_EXERCISE MATERIALS_

┄┄┄┄┄┄┄┄┄┄

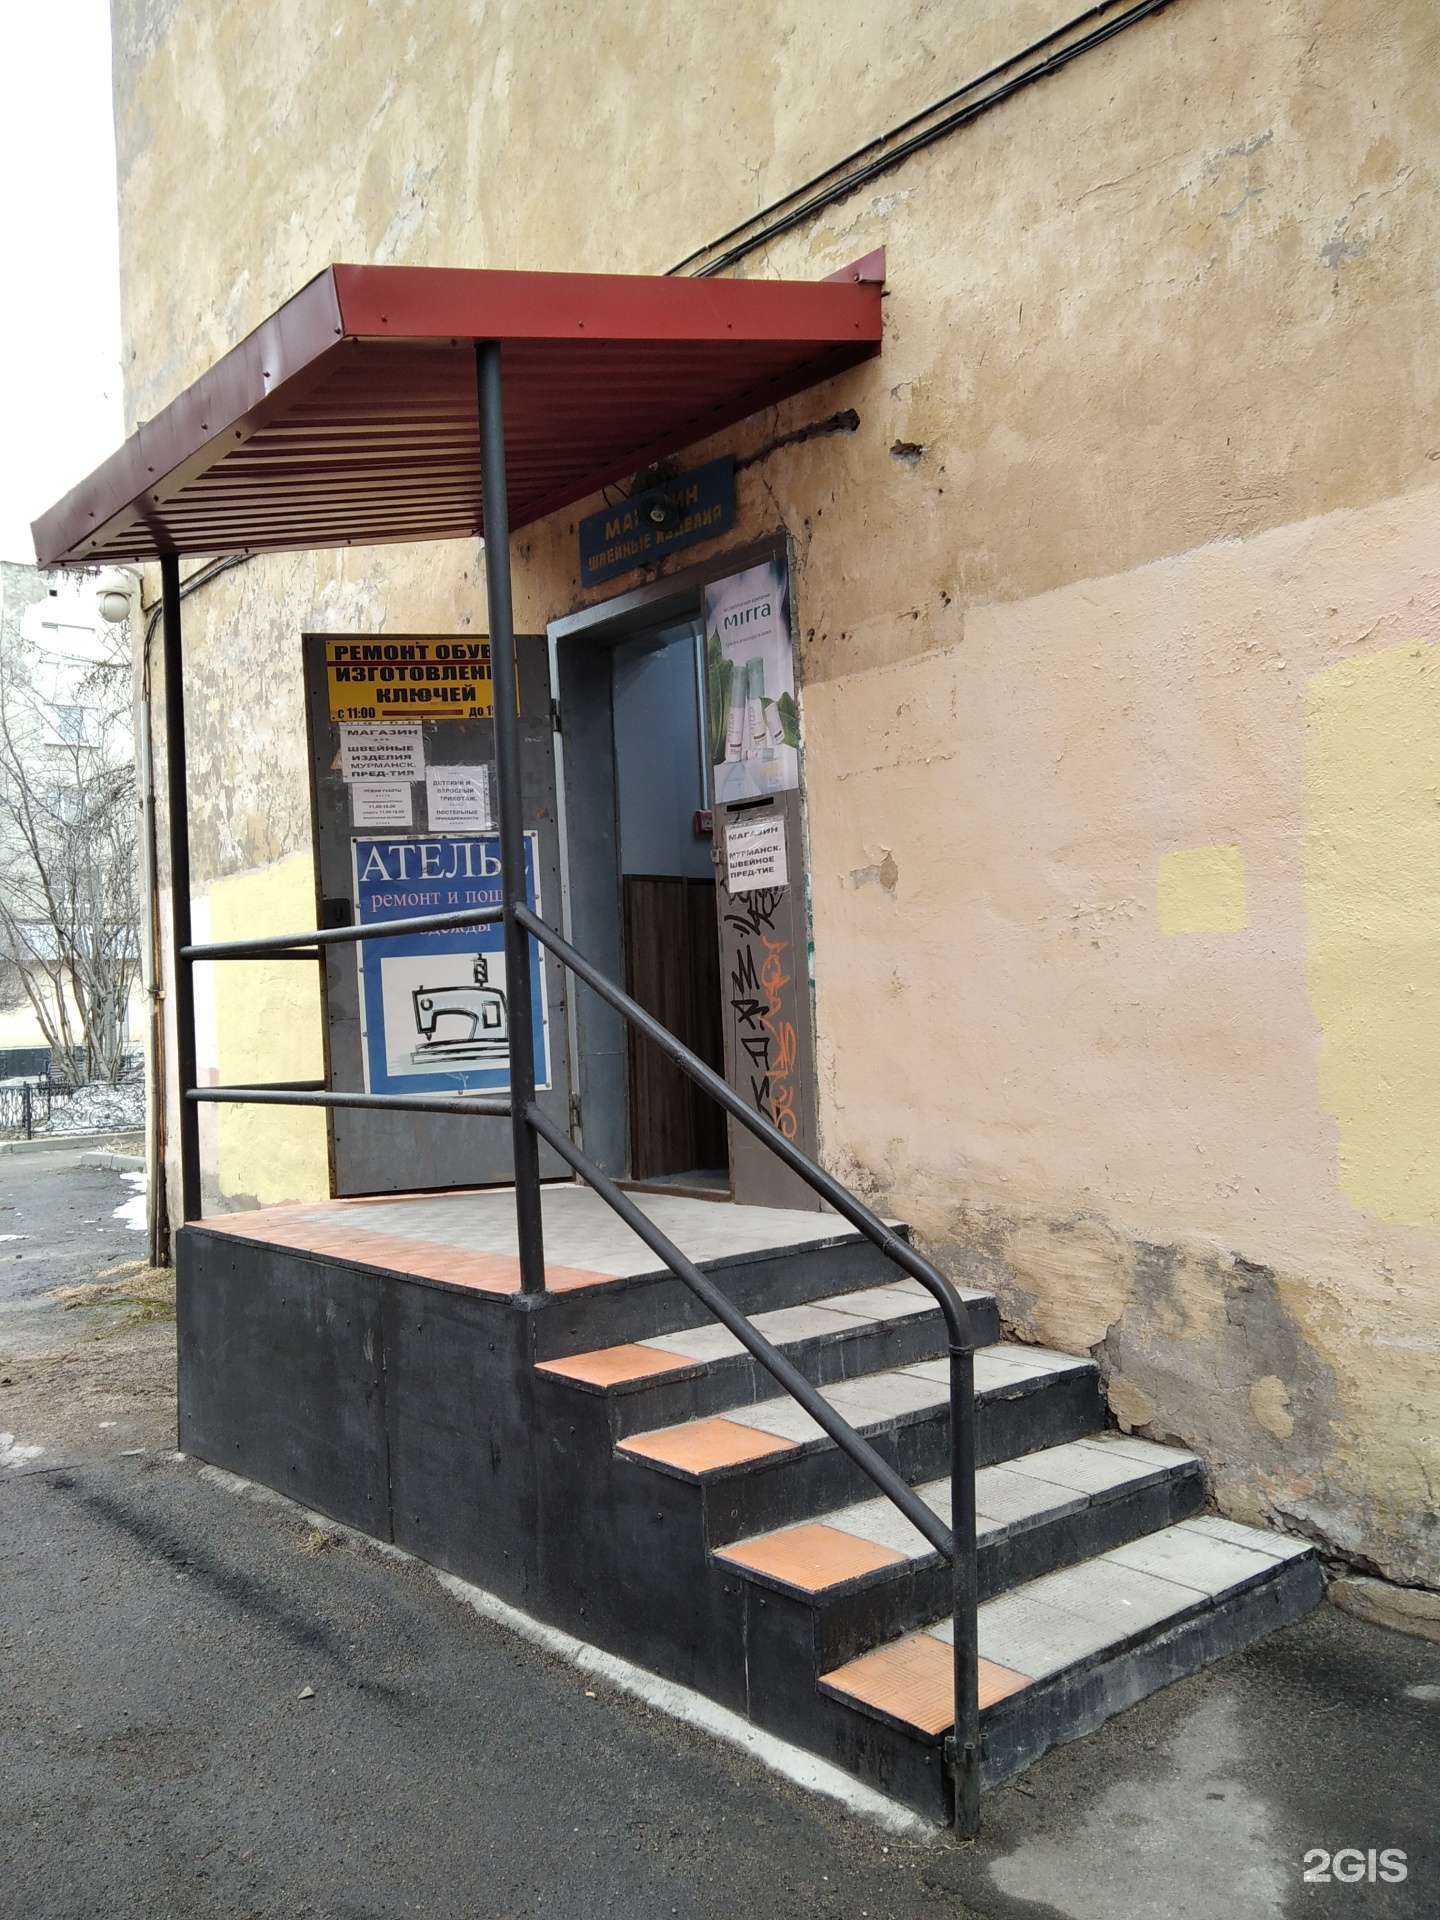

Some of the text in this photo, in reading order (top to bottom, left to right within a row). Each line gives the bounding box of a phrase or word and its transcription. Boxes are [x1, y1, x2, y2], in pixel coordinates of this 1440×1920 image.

[334, 644, 490, 660] РЕМОНТ ОБУВ
[335, 666, 492, 681] ИЗГОТОВЛЕН
[376, 684, 476, 703] КЛЮЧЕЙ
[347, 707, 376, 719] 11:00
[351, 754, 412, 762] ИЗДЕЛИЯ
[359, 843, 529, 882] АТЕЛЬ
[729, 855, 775, 869] ШВЕЙНОЕ
[730, 866, 775, 879] ПРЕД-ТИЕ
[370, 888, 504, 913] ремонт и пош

┄┄┄┄┄┄┄┄┄┄

_DIRECTIONS FOR THIS TASK_
If pictures appear in the data, omit them and copy all other parts exactly.

_COMPLETED EXERCISE_
Some of the text in this photo, in reading order (top to bottom, left to right within a row). Each line gives the bounding box of a phrase or word and its transcription. Boxes are [x1, y1, x2, y2], in pixel coordinates of this 1440×1920 image.

[334, 644, 490, 660] РЕМОНТ ОБУВ
[335, 666, 492, 681] ИЗГОТОВЛЕН
[376, 684, 476, 703] КЛЮЧЕЙ
[347, 707, 376, 719] 11:00
[351, 754, 412, 762] ИЗДЕЛИЯ
[359, 843, 529, 882] АТЕЛЬ
[729, 855, 775, 869] ШВЕЙНОЕ
[730, 866, 775, 879] ПРЕД-ТИЕ
[370, 888, 504, 913] ремонт и пош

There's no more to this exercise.